Down on the pitch, the players looked as though a weight had been lifted off their shoulders, as they secured a thumping victory over Italy that showed they are on the right path, even if it will take some time to get to where they want to be.
In the middle of joyous scenes, the players greeted their family and friends, with Nichola Fryday making a beeline for the stand, just behind the press box.
With tears streaming down her face, the Ireland captain warmly embraced a familiar face.
“My little sister (Jessica) has been living in Canada for the last year, so she flew home to surprise me for the match,” Fryday explained.
“That was a really special moment and it was very unexpected.”
It was a lovely, poignant moment for the Fryday family as the sisters were reunited on the day Nichola led Ireland to victory for the first time as skipper.
As special occasions go, this must have been right up there for the Offaly woman.
“It’s a great feeling, it’s really special,” Fryday said.
“At the same time, we have the next two matches in the back of our minds.
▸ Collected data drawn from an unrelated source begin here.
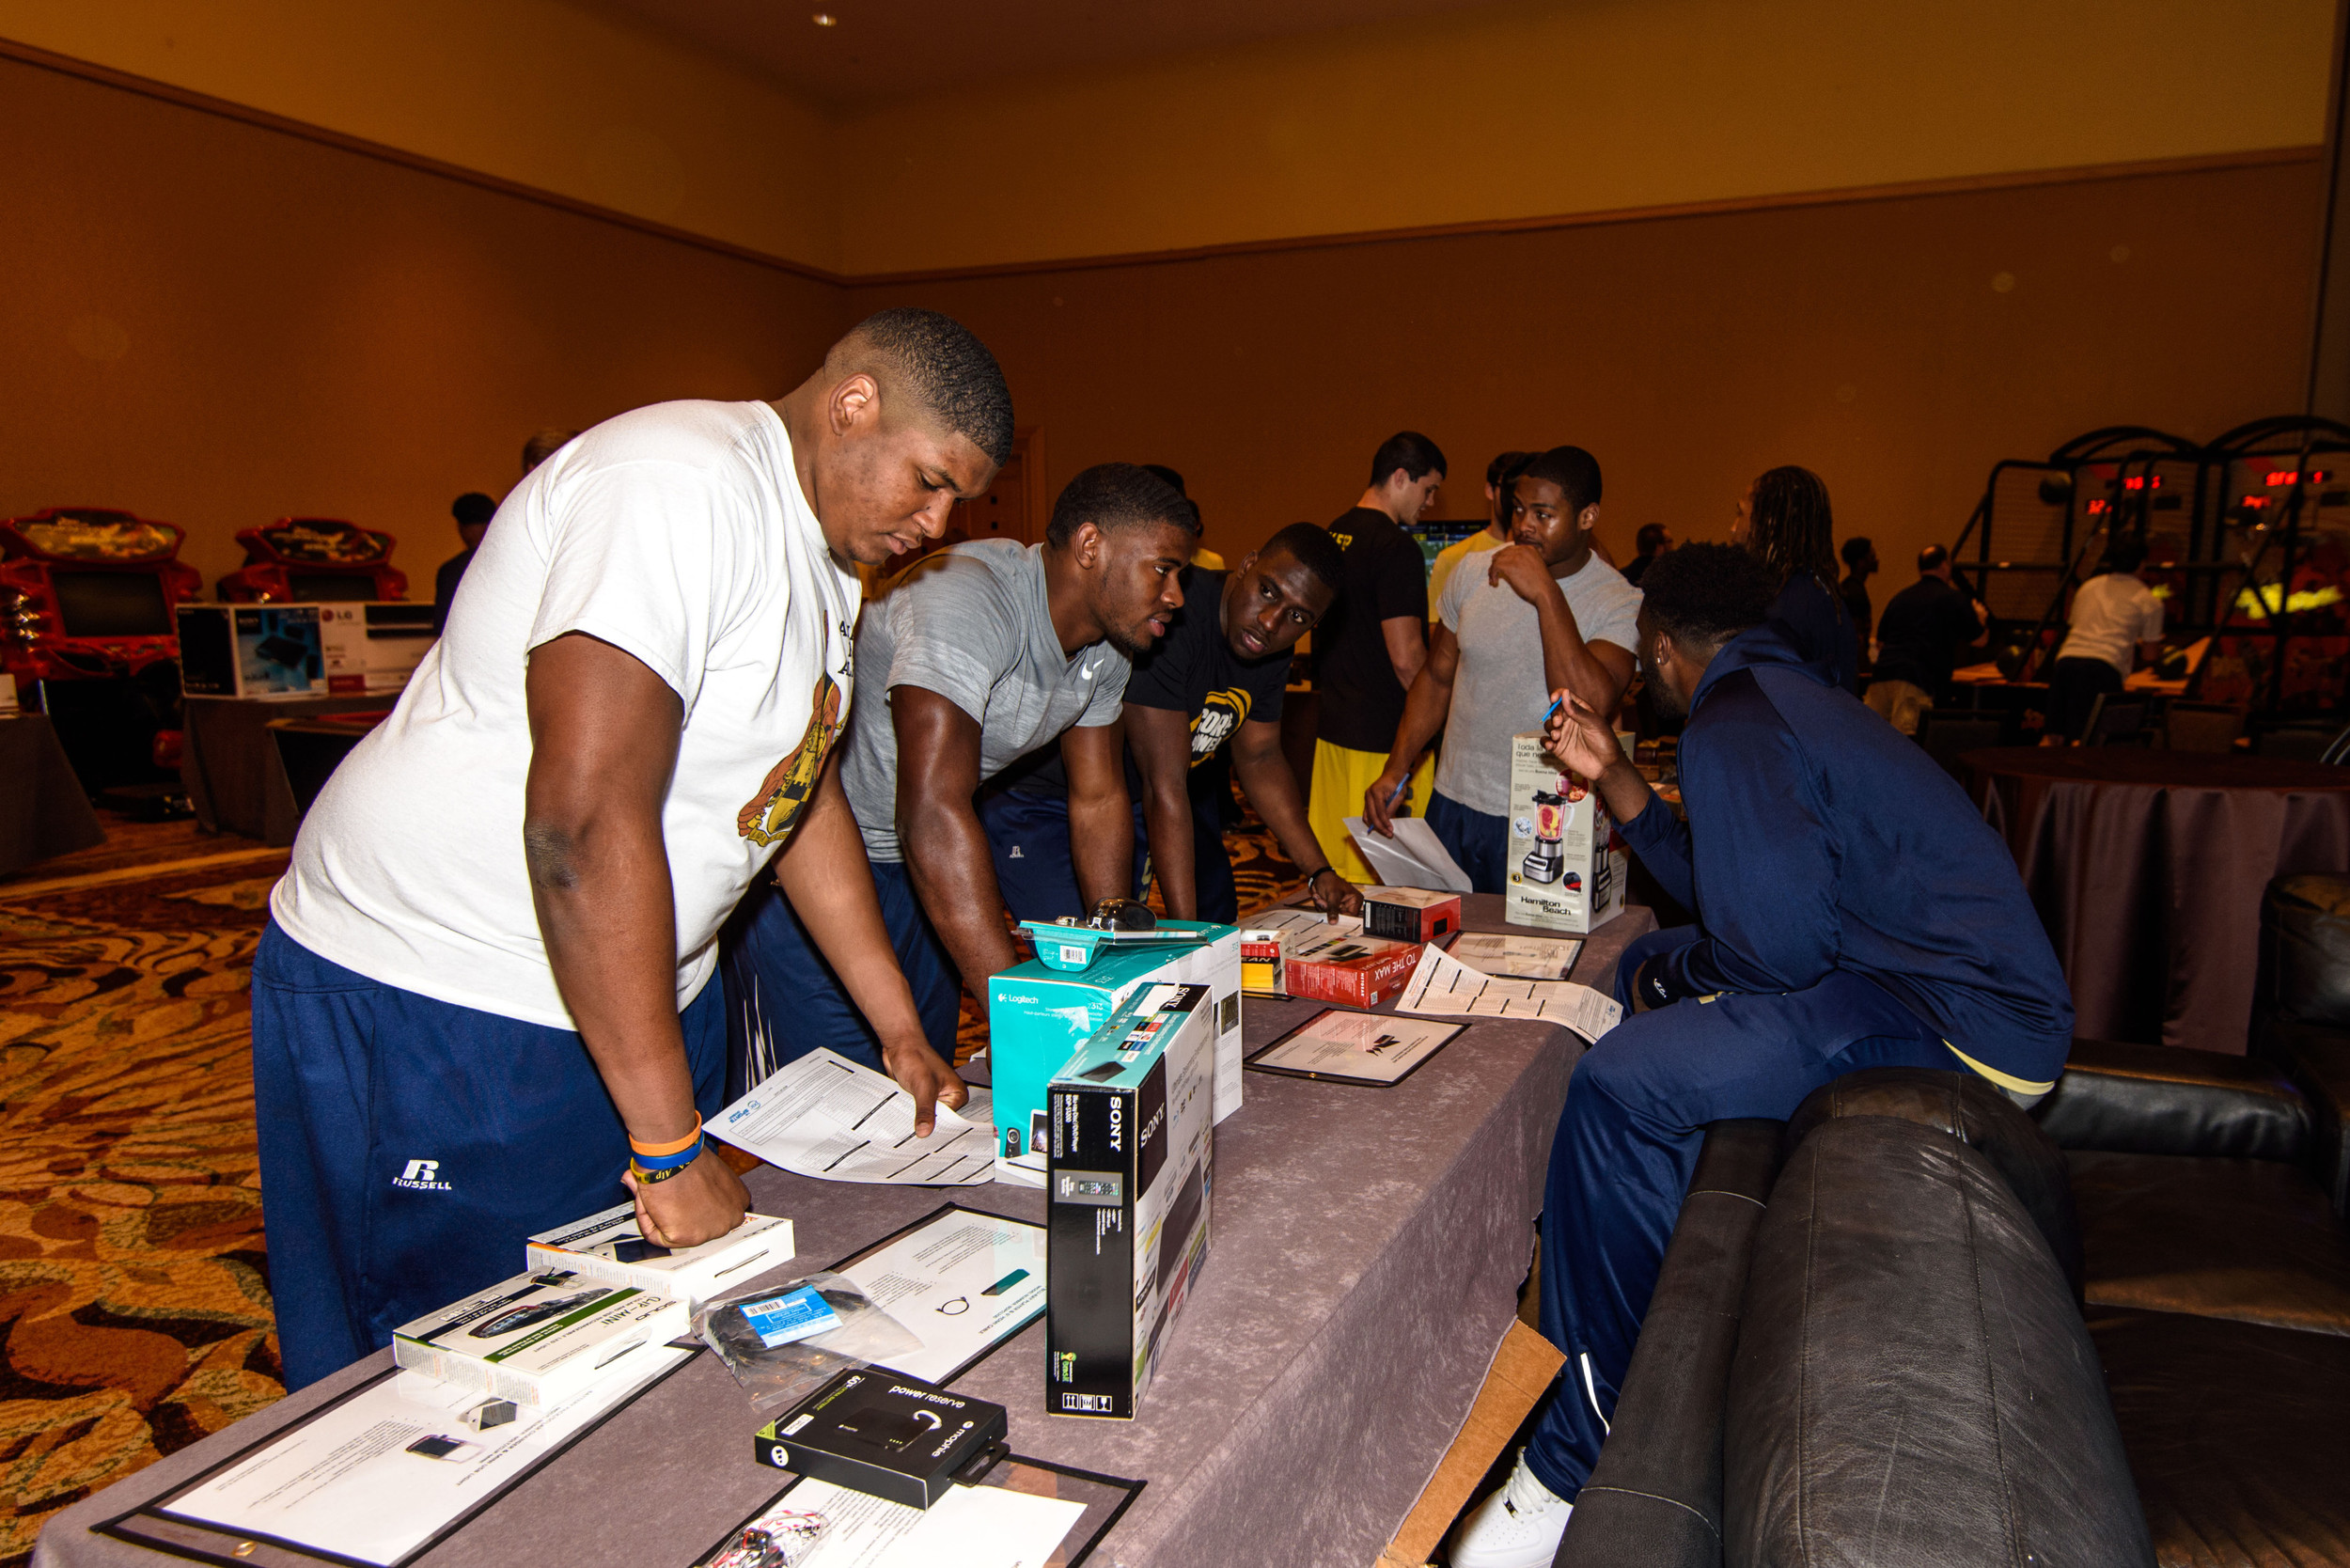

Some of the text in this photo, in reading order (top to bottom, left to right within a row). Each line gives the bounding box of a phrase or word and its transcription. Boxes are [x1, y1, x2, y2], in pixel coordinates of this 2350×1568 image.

[337, 611, 352, 620] LG
[1521, 897, 1560, 907] Hamilton
[1543, 905, 1572, 916] Beach
[1374, 952, 1417, 981] TO THE MAX
[1009, 994, 1039, 1005] Logitech
[1110, 1096, 1121, 1152] SONY
[1140, 1102, 1165, 1149] SONY
[401, 1159, 439, 1181] R
[392, 1176, 452, 1190] RUSSELL
[634, 1300, 677, 1321] SOLIO
[889, 1385, 965, 1409] power reserve
[932, 1428, 965, 1457] mophie
We want to finish this tournament well.”
With England away next up in a fortnight, a far bigger test lies ahead, but for now, Fryday and her team-mates can reflect on a job well done.
For debutante Aoife Wafer, this was also a memorable evening, and even though she left the field in tears following a yellow card, the 19-year-old will have better days ahead in a green jersey.
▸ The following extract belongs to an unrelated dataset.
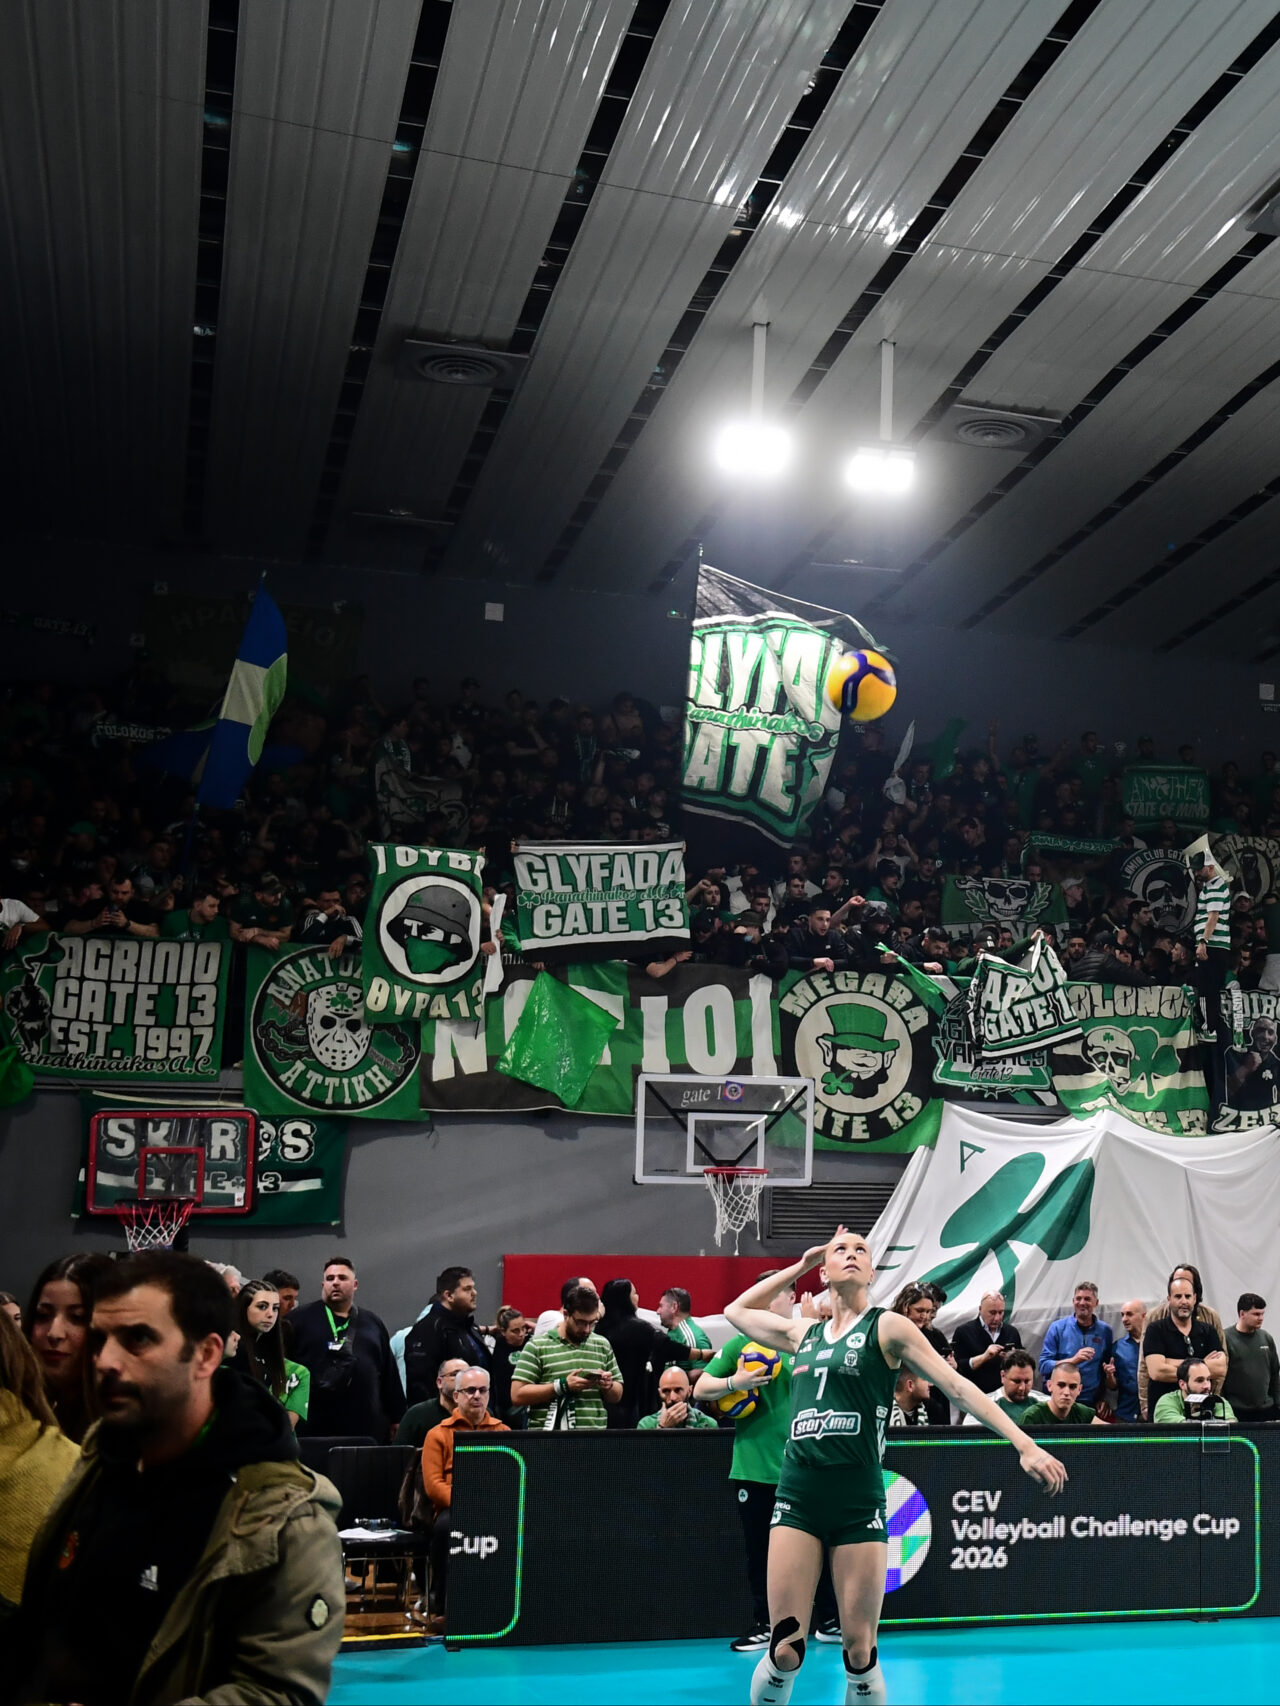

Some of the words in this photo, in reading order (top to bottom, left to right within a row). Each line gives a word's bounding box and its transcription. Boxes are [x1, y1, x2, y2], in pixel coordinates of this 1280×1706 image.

As the bench consoled her when she was sat on the sideline, Ireland head coach Greg McWilliams left his position in the stand to put an arm around the distraught Wafer, who was later presented with her first cap on the pitch in front of the remaining supporters.
“In our changing-room above each of the jerseys is the word ‘Clann’ meaning family,” Fryday said.
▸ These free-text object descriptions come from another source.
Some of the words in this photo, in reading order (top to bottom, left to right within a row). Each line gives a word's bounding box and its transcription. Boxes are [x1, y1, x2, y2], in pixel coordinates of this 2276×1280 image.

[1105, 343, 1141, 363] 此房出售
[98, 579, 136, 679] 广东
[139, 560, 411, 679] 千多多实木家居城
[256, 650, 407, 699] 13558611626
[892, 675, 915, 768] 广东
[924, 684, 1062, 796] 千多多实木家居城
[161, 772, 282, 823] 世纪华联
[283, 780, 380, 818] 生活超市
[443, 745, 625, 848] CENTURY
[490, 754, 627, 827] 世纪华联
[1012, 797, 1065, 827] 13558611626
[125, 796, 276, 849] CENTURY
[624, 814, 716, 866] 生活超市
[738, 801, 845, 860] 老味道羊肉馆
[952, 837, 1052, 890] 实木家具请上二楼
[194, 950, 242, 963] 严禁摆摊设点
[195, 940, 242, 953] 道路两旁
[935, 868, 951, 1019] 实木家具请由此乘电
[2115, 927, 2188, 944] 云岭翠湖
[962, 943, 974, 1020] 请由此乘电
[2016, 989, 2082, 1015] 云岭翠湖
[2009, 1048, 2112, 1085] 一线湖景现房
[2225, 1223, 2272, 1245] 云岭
“We’re a family, that’s the squad and the environment we’ve tried to build over the last few weeks.
“We’re extremely close-knit so when you’re in the trenches and fighting for a win like that with your family, it’s very important to you.”
McWilliams also felt it was important to acknowledge Wafer’s moment.
“Every time we have given caps out we have been on Zoom links with the parents or other family members,” he said.
“Just to have the parents there, it meant a lot to the players. They just wanted to do it. It’s something they felt was really important.
“It’s a big day for us. Aoife getting her cap is big for the family but it is big for the whole group. We’re all really proud of her and it was important that we all shared the moment.
“Rugby is the engine, the vehicle sometimes, for what you are trying to create which is lasting memories and being able to challenge yourself, go through difficulties and come out on top.”
Ireland will reconvene for a one-day camp this week, as the attention turns to an England side in red-hot form.
Although the odds will be stacked against Ireland, Fryday insisted her side will relish the challenge that lies ahead.
“Look, it’s kinda similar to France,” the lock added.
“We are delighted to go up against the best team in the world. We’re not going to be going into it thinking about a loss.
“We want to implement our game-plan and bring it to them. You could see in the first 20 minutes against Wales, they really put it to them.
“We just want to make sure we go out fighting.”